The respiratory feature amount estimation data creation unit 25 determines the coefficients and intercepts of the multiple regression equation for estimating the respiratory feature amount from the heartbeat feature amount, using HRV _LF and HRV _HF as explanatory variables and RRV _(LF,n) as the objective variable. .. In the present embodiment, the above equation (2) is assumed as a multiple regression equation. A plurality of RRV _(LF,n) and corresponding HRV _LF and HRV _HF data pairs are prepared by using the electrocardiographic measurement unit 21, the heartbeat characteristic amount calculation unit 22, the respiration measurement unit 23, and the respiration characteristic amount calculation unit 24. Then, the respiratory feature amount estimation data creation unit 25 obtains the coefficients α and β and the intercept γ in the equation (2) based on these data pairs, and estimates the obtained coefficients α and β and the intercept γ as the respiratory feature amount. The data is stored in the business data recording unit 26. The same data as that stored in the respiratory characteristic amount estimation data recording unit 26 is stored in the respiratory characteristic amount estimation data recording unit 124 shown in FIG.

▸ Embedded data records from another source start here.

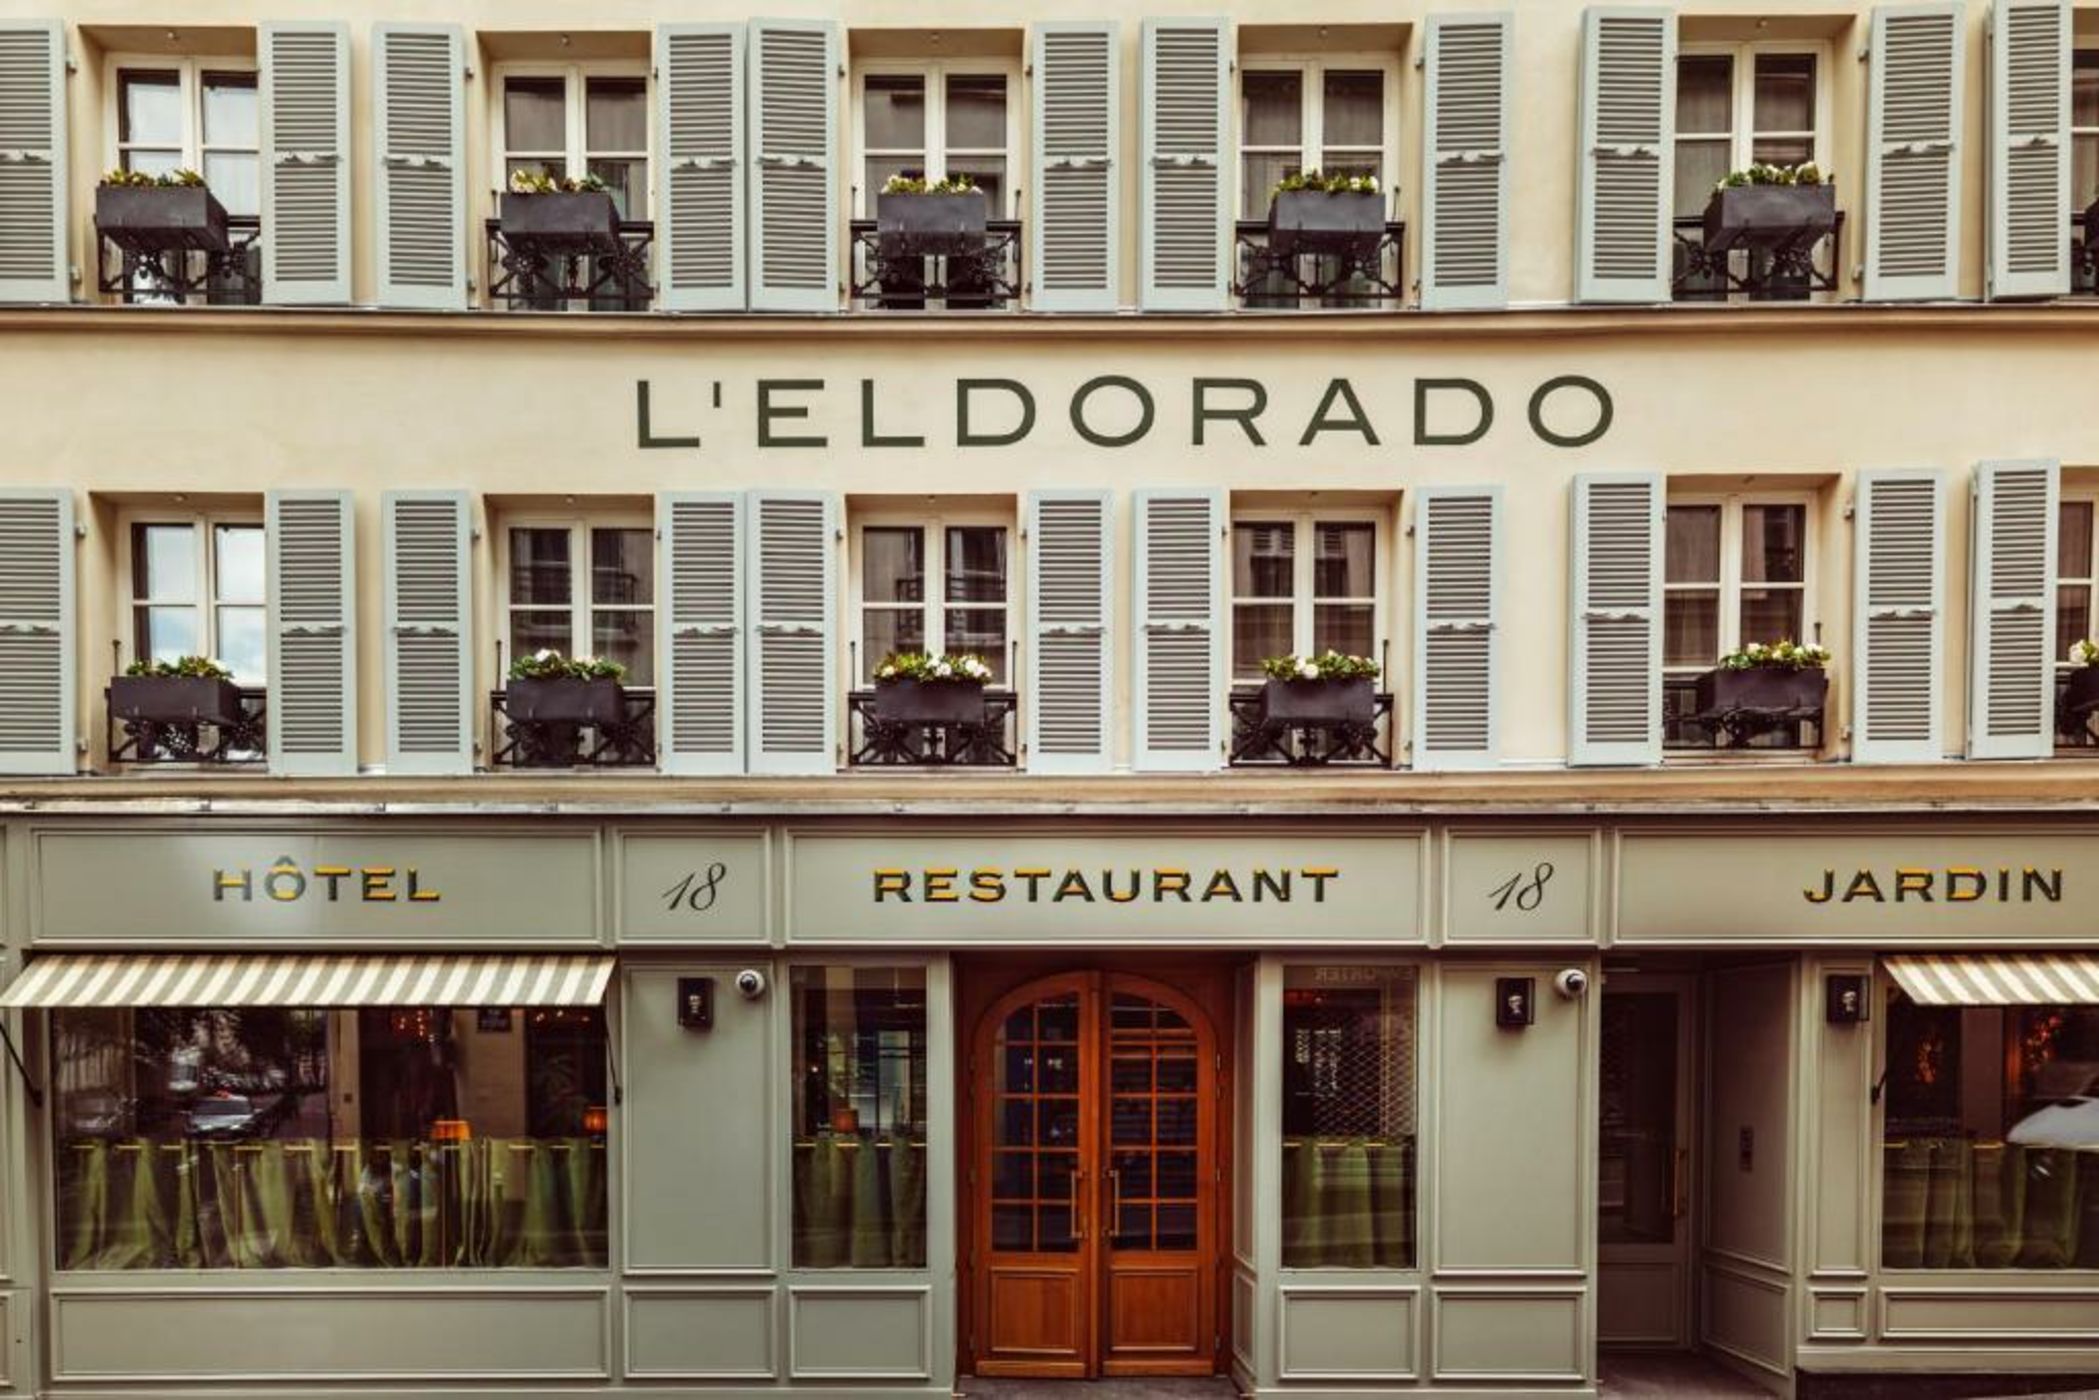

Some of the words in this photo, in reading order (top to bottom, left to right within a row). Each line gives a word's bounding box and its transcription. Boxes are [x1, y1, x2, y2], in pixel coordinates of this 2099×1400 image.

[637, 375, 1614, 449] L'ELDORADO
[214, 855, 440, 903] HÔTEL
[661, 862, 727, 912] 18
[874, 868, 1340, 904] RESTAURANT
[1488, 862, 1555, 912] 18
[1803, 868, 2063, 904] JARDIN

(B) Generation of State Discrimination Data In this processing, a discriminator used for discriminating the task state is constructed. For this reason, in order to carry out this processing, it is necessary to have a plurality of data pairs of the state label and the respiratory feature amount that are correct values. An example of a system used for this processing is shown in FIG. The state determination data generation system shown in FIG. 3 includes a respiration measurement unit 31, a respiratory feature amount calculation unit 32, a state determination device creation unit 33, a state label recording unit 34, and a state determination data recording unit 35.

The respiration measurement unit 31 measures the respiration of the subject, which is a sample, and generates respiration curve data. The respiratory characteristic amount calculation unit 24 analyzes the respiratory curve obtained by the respiratory measurement unit 23 and calculates the respiratory characteristic amount RVV _(LF,n) . The respiration measurement unit 31 and the respiration characteristic amount calculation unit 32 can perform the same processing as the respiration measurement unit 23 and the respiration characteristic amount calculation unit 24 illustrated in FIG. 2, respectively. Therefore, detailed description of the breath measuring unit 31 and the breath characteristic amount calculating unit 32 will be omitted.

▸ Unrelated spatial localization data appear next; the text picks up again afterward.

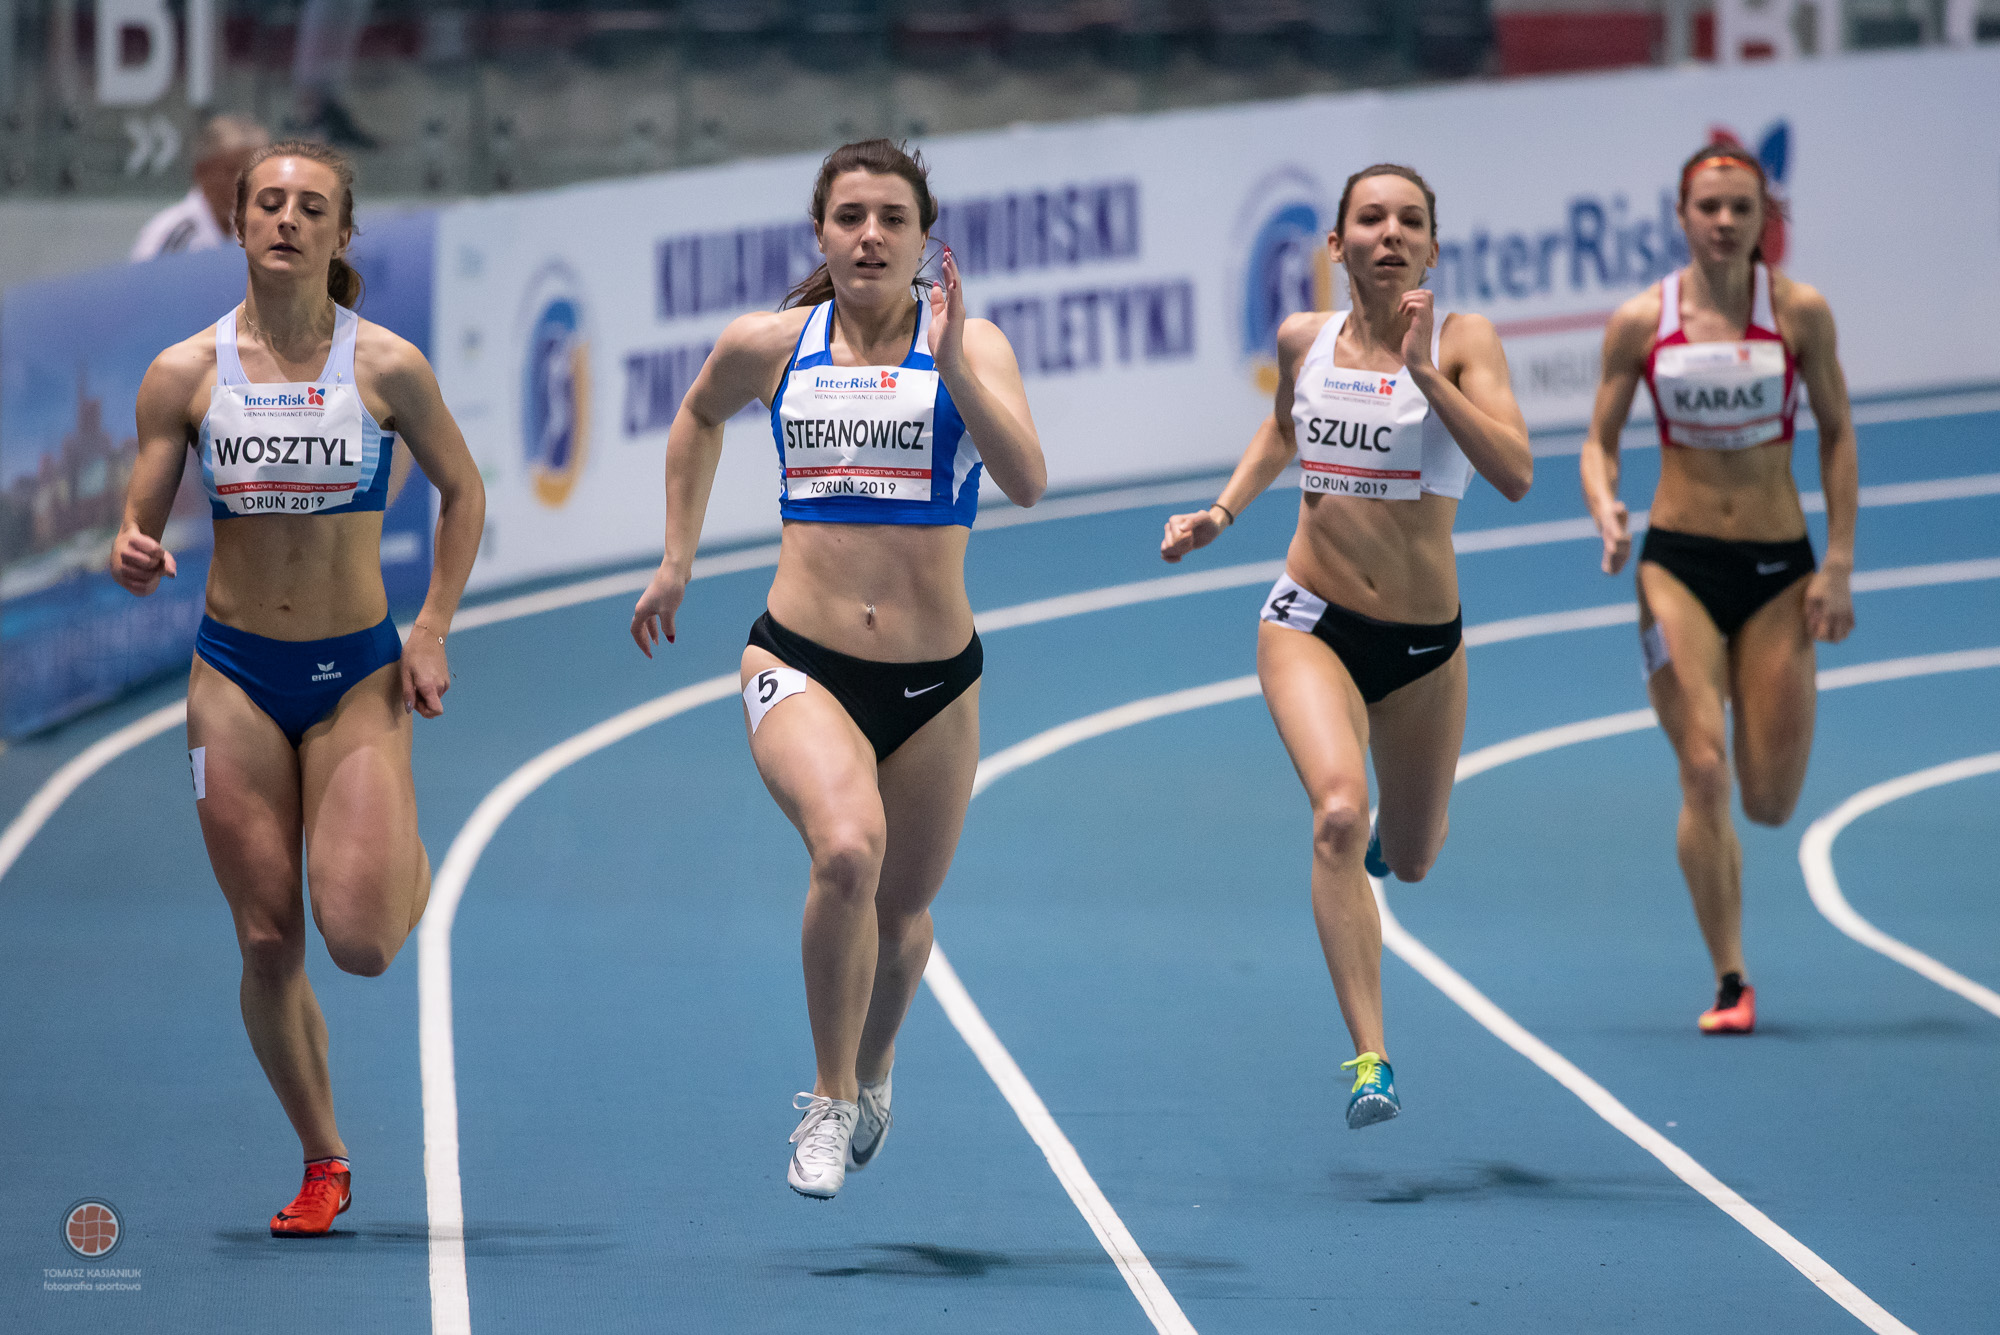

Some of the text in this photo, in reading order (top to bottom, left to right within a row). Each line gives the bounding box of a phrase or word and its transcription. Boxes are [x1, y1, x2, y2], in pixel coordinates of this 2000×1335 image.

[815, 376, 878, 389] InterRisk
[1323, 378, 1377, 394] InterRisk
[244, 393, 305, 406] InterRisk
[786, 419, 925, 450] STEFANOWICZ
[1307, 417, 1392, 453] SZULC
[215, 436, 354, 467] WOSZTYL
[842, 468, 896, 476] MISTRZOSTWA
[244, 483, 273, 491] HALOWE
[274, 484, 325, 492] MISTRZOSTWA
[810, 477, 897, 495] TORUŃ 2019
[1354, 481, 1388, 496] 2019
[240, 492, 325, 510] TORUŃ 2019
[1270, 590, 1298, 621] 4
[312, 672, 342, 682] erima
[758, 669, 779, 704] 5

The state label recording unit 34 holds a state label indicating the task state of the subject at the time when the respiratory feature amount is being measured. The state discriminator creation unit 33 determines a discriminator necessary for estimating the task state from the respiratory feature amount based on the respiratory feature amount calculated by the respiratory feature amount calculation unit 32 and the corresponding task state label. create. Specifically, RVV _(LF,n) is calculated in various task states, and a large number of data labeled with RVV _(LF,n) in task states are prepared. The state discriminator creation unit 33 creates an SVM that discriminates the task state by RVV _(LF,n) and stores it in the state discrimination data recording unit 35. The same data as that stored in the state determination data recording section 35 is stored in the state determination data recording section 125 shown in FIG.

An estimated value may be used for the respiratory feature amount used by the state discriminator creation unit 33. For example, the breathing feature amount may be estimated using the breathing feature amount estimation data created in the process (A) described above. FIG. 4 shows an example of a system using the estimated value of the respiratory feature amount. The state discrimination data generation system shown in FIG. 4 includes an electrocardiographic measurement unit 41, a heartbeat characteristic amount calculation unit 42, a respiratory characteristic amount estimation unit 43, a respiratory characteristic amount estimation data recording unit 44, a state discriminator creation unit 33, and a state. A label recording unit 34 and a state determination data recording unit 35 are provided. 4, parts that are the same as those in FIG. 3 are given the same reference numerals, and descriptions thereof will be omitted.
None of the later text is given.